Sharing the Road with Wildlife

What should you do if you see a turtle crossing the road?  

This time of year many wildlife, like turtles, are on the move. Whether it's for new territory, breeding or a simple quest for food, it's possible that they will wander near or onto roads. Please keep a lookout for wildlife while you're driving.

These tips should help us all be aware and keep turtles safe this season.

Eastern Box TurtleEastern Box Turtle, Photo by Danielle Brigida, USFWS


1. Be very careful when moving the animal (it could be injured or it could bite you depending on what species). If possible, sometimes it is best to just stand guard as the animal crosses the road on its own. 

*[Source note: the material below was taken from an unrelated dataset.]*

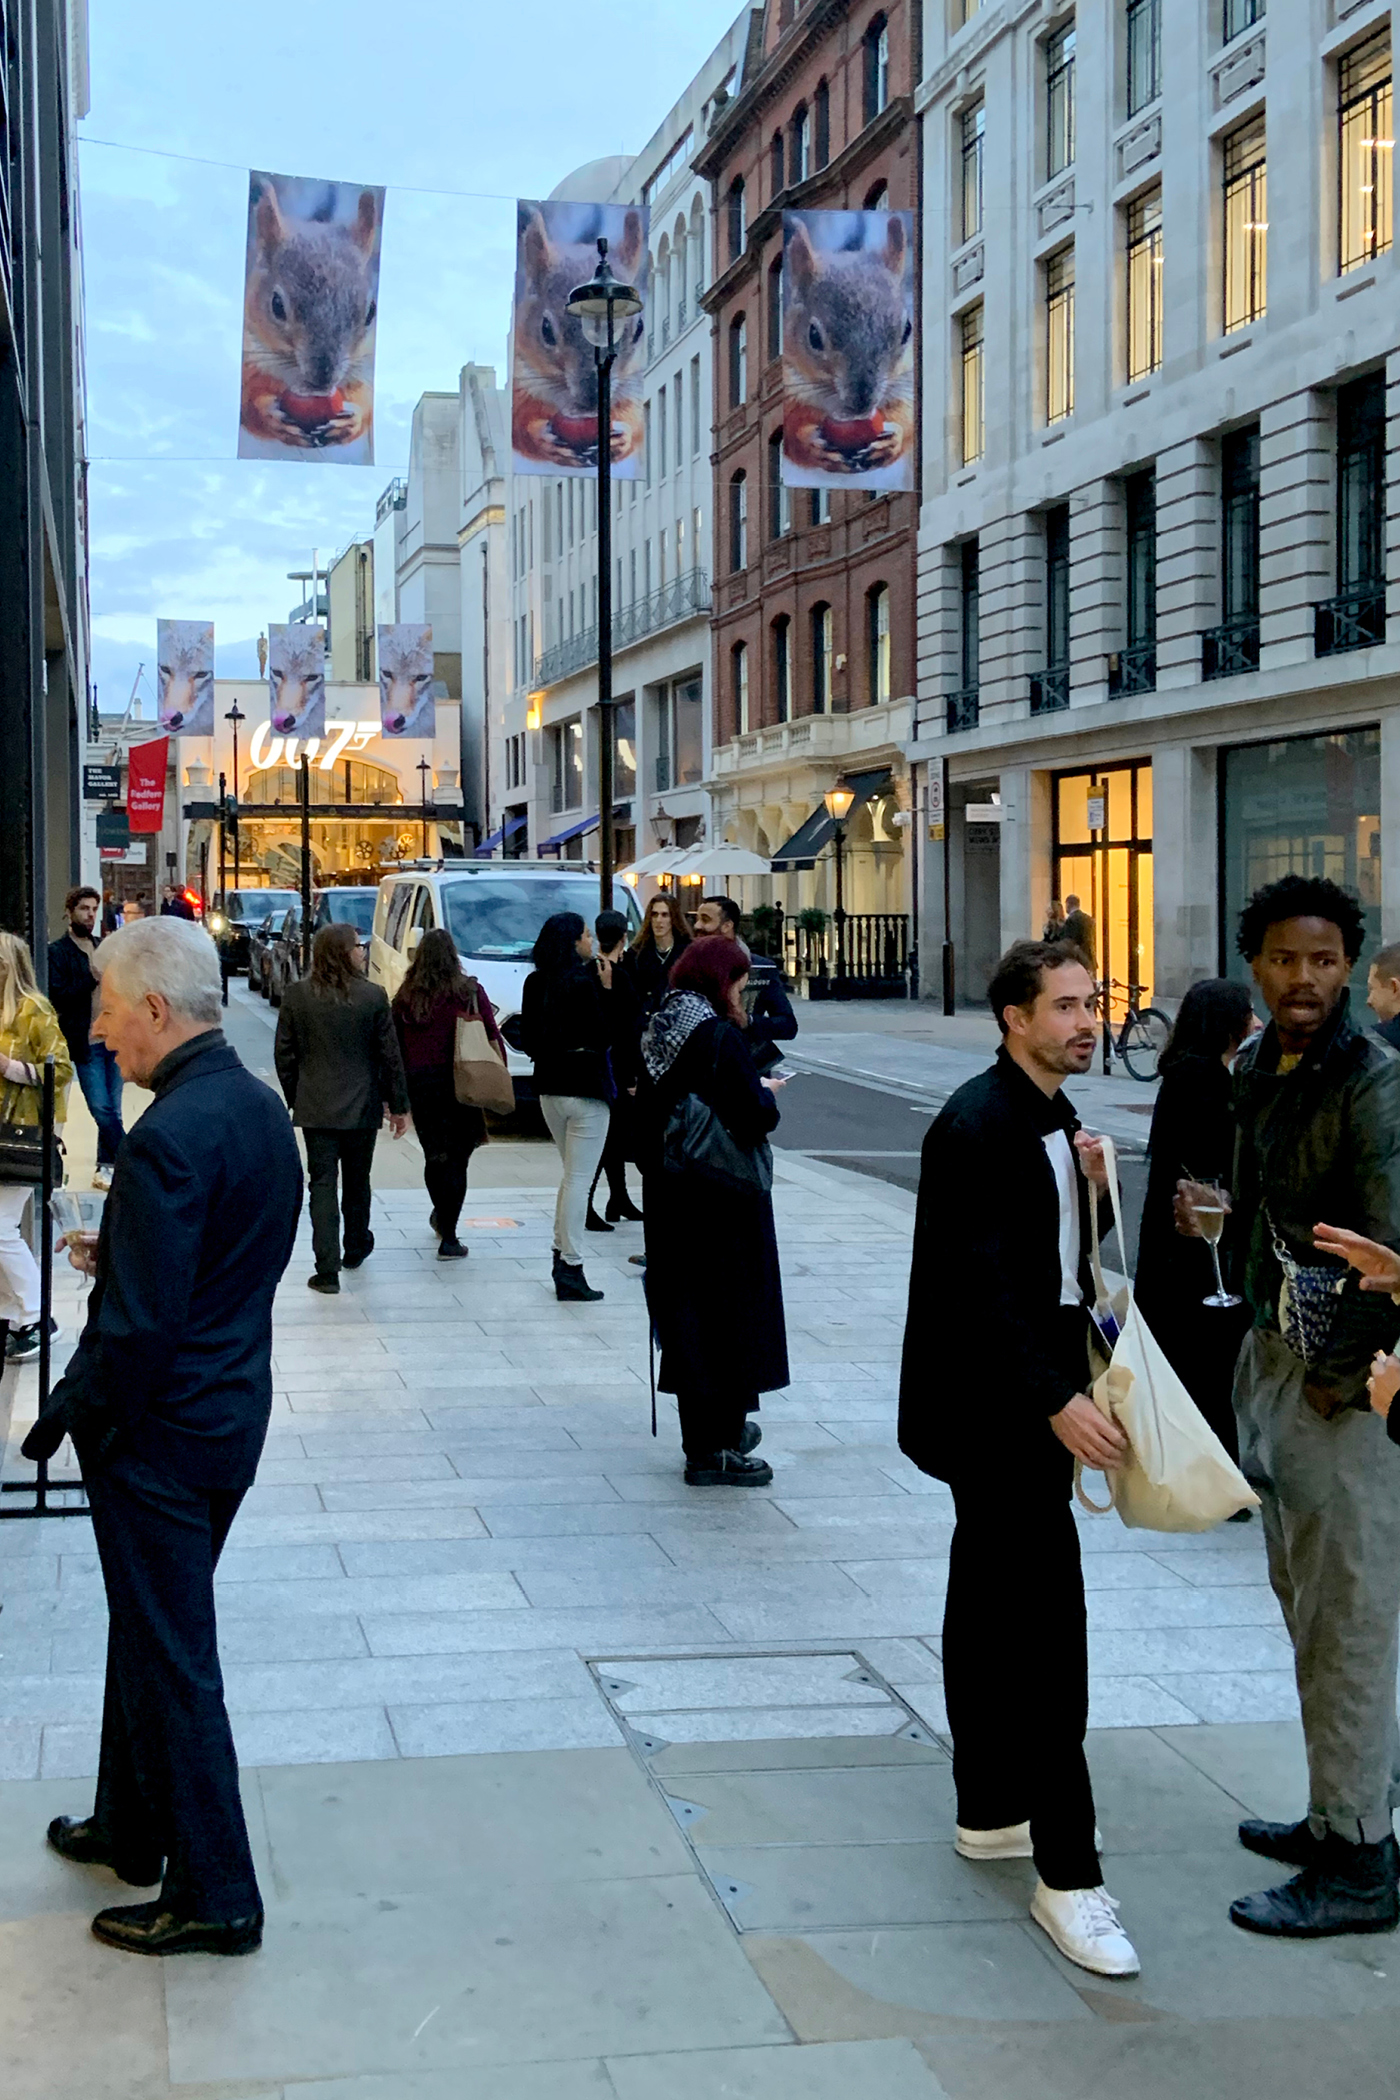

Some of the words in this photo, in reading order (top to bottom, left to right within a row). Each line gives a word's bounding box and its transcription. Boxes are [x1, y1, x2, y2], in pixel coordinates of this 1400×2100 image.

[139, 778, 156, 787] The
[130, 789, 162, 799] Redfern
[131, 801, 161, 812] Gallery
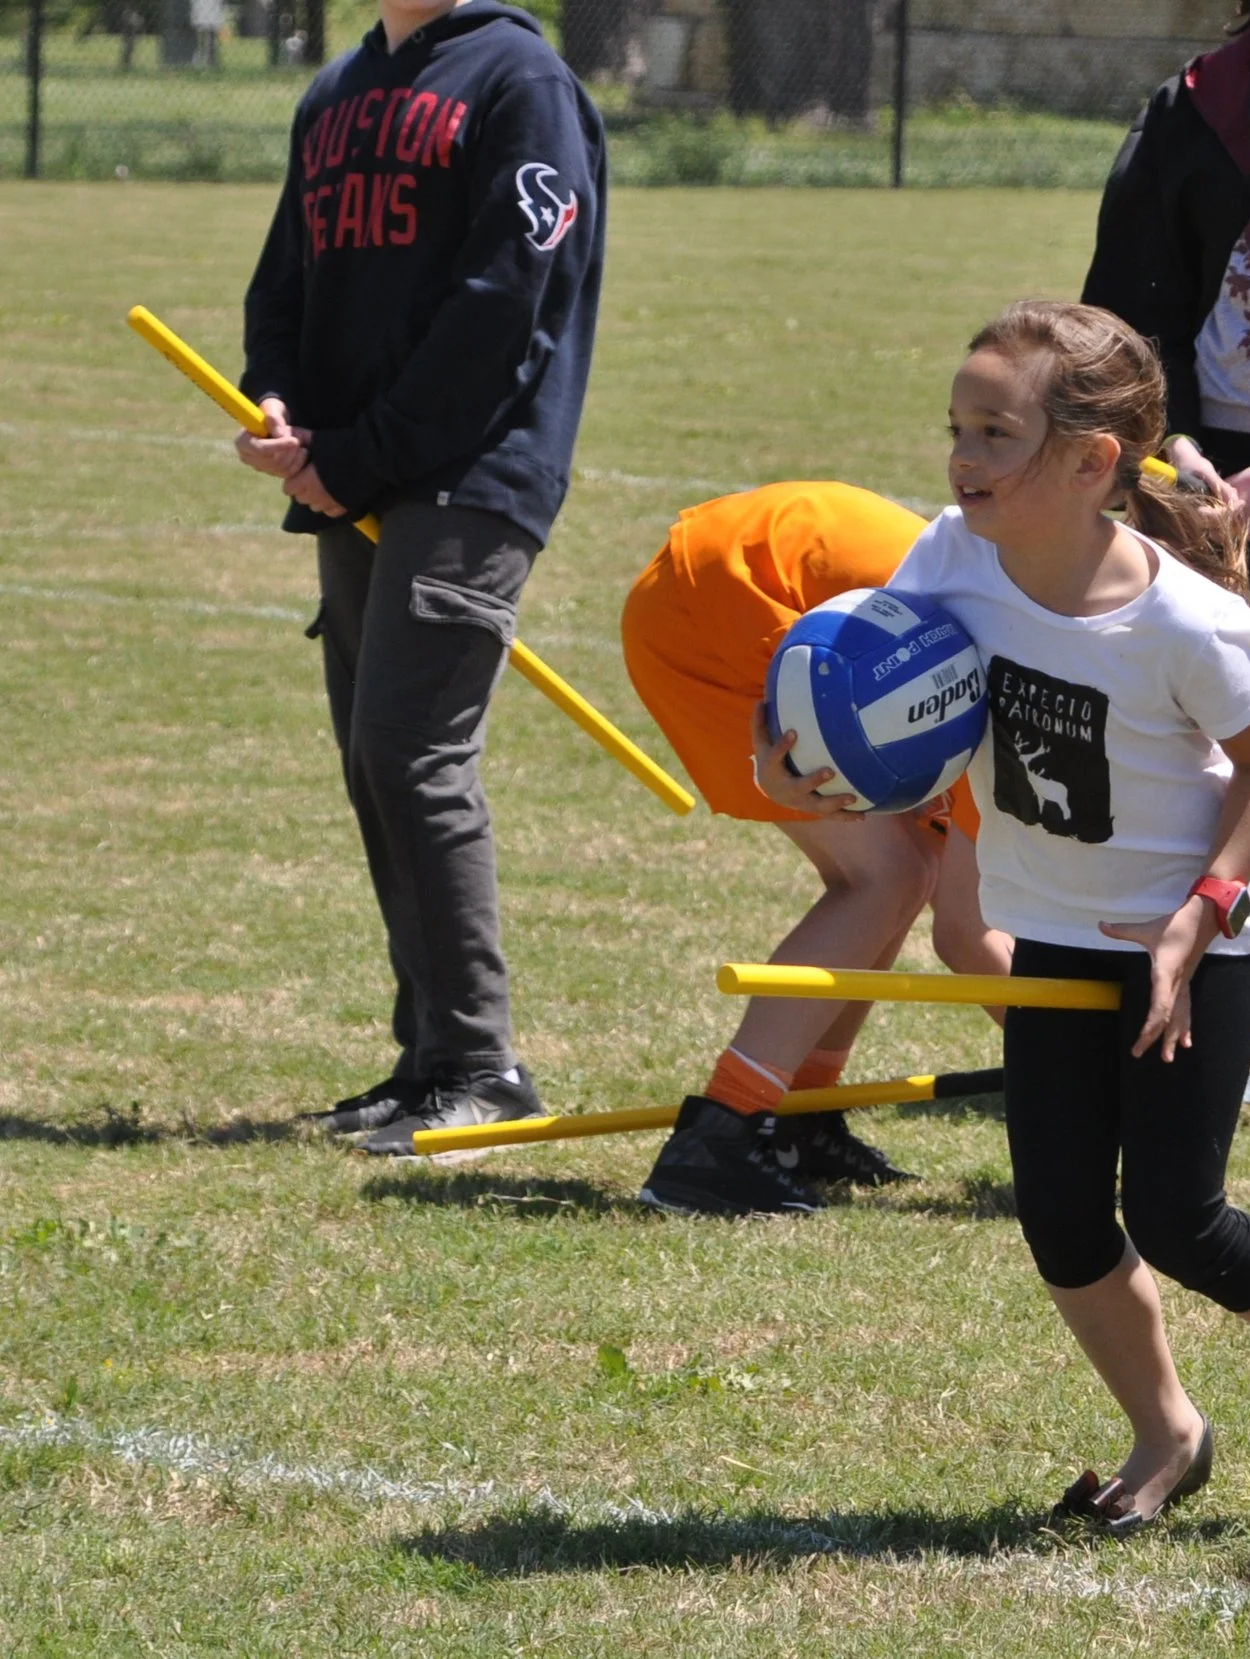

2. Always keep your own safety in mind – watch out for oncoming vehicles, signal properly when pulling over and recognize your surroundings first before working to help save an animal.

3. If the animal does need to be moved, put it down on the other side of the road in the same direction it was going. 

4. Do NOT take it with you - please only focus on helping it get safely to the other side.

5. Get involved with roadside restoration and transportation projects: We're working to make our roads and roadsides work for transportation and the environment. Some of the projects include restoring a place for vernal pools and or even planting milkweed along highways. 

6. Learn more about wildlife laws in your state. Contact your State and Territorial Fish and Wildlife Office to verify what is legal for your state and ways you can get involved. You also are always welcome to contact your closest National Wildlife Refuge to learn more about what species to look out for. 


Slowing down is one of the most effective ways to share the road with wildlife. 

Tiger salamanderTiger Salamander, Photo by Caitlin Smith, USFWS


I have to admit, I'm so bad about stopping to pick up every tortoise or turtle I find in the middle of the road. Most of the time I take them to the wilderness area near my home to turn them loose. I've noticed there are fewer and fewer of them crossing each year. I encourage all to do your part to share the roads with wildlife.
# Posted By Vicky Gauer | 5/17/16 10:24 AM

Tortoise.

It's a box TORTOISE.

Is the person who writes this page on the USF&WL payroll?

Fire 'em.
# Posted By Motownvoice | 5/23/16 5:14 PM

Hi, both turtle and tortoise are used, but box turtle is far more common.
# Posted By Fish and Wildlife Service | 5/27/16 8:25 AM

Motownvoice--common names for animals are often imprecise, which is why the MUCH more commonly used box "turtle" is perfectly acceptable. Perhaps you would prefer the author use the scientific name used for classification. Either way, hardly a fireable offense. Your hostility is unwarranted, and a reason why online discourse has become so toxic.

Many thanks to the author and the many dedicated USFWS public serblvants who help the nation sustain its marvelous natural legacy.